▶ **Exercise**: Copy each line of the data below exactly, leaving out pictures.
Start of Block
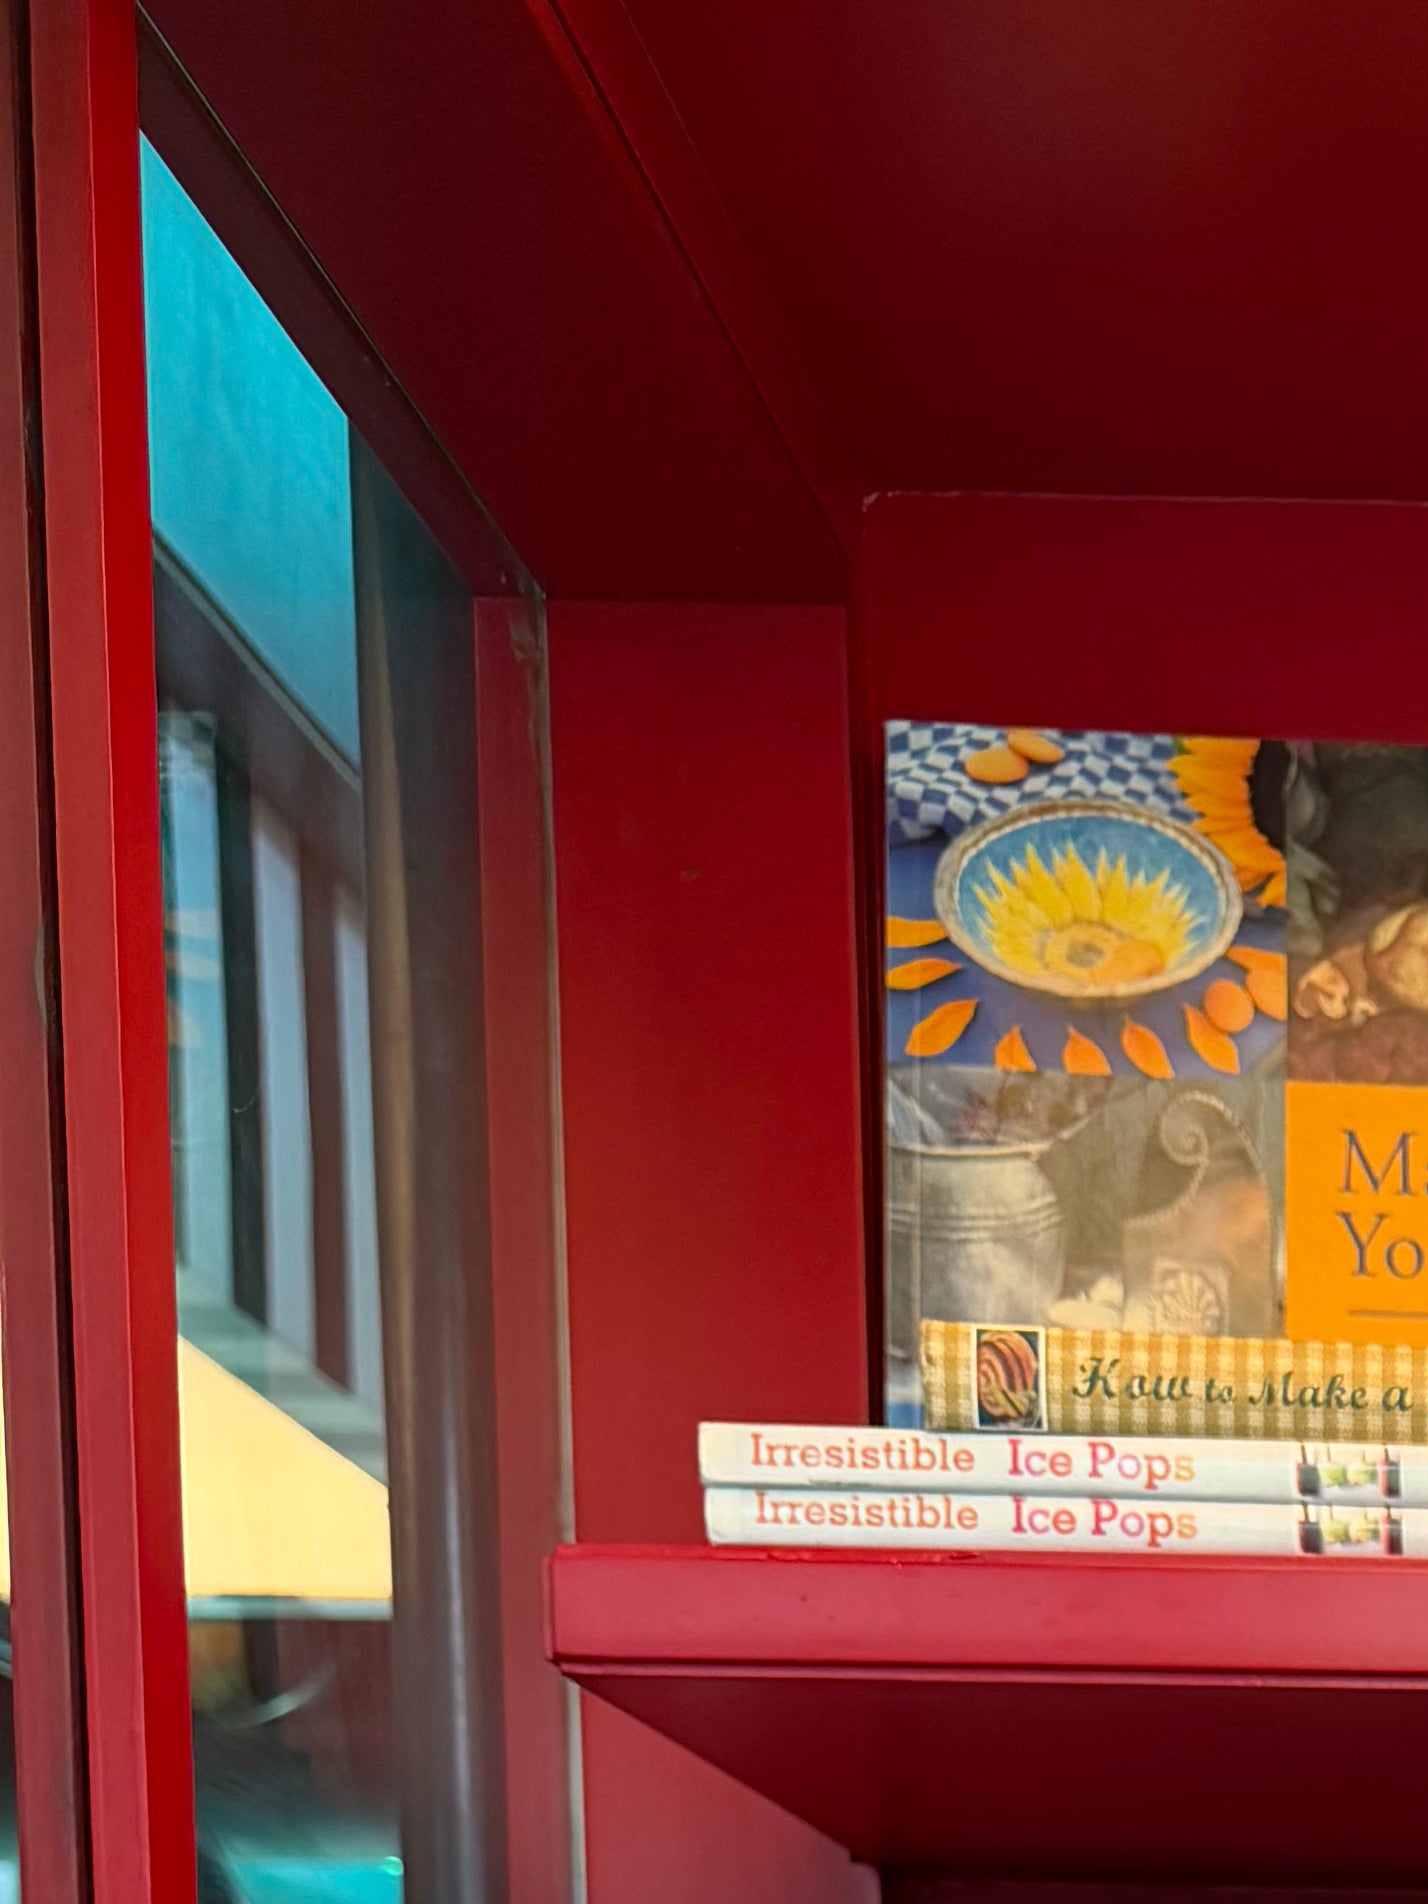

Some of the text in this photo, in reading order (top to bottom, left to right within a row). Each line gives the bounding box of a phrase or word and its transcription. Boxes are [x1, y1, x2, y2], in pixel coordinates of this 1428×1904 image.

[1072, 1357, 1193, 1402] How
[1205, 1374, 1235, 1402] to
[1248, 1369, 1367, 1413] Make
[1382, 1386, 1413, 1413] a
[750, 1432, 1196, 1490] Irresistible Ice Pops
[755, 1490, 1198, 1548] Irresistible Ice Pops
End of Block
▶ **Solution to the problem**:
Some of the text in this photo, in reading order (top to bottom, left to right within a row). Each line gives the bounding box of a phrase or word and its transcription. Boxes are [x1, y1, x2, y2], in pixel coordinates of this 1428×1904 image.

[1072, 1357, 1193, 1402] How
[1205, 1374, 1235, 1402] to
[1248, 1369, 1367, 1413] Make
[1382, 1386, 1413, 1413] a
[750, 1432, 1196, 1490] Irresistible Ice Pops
[755, 1490, 1198, 1548] Irresistible Ice Pops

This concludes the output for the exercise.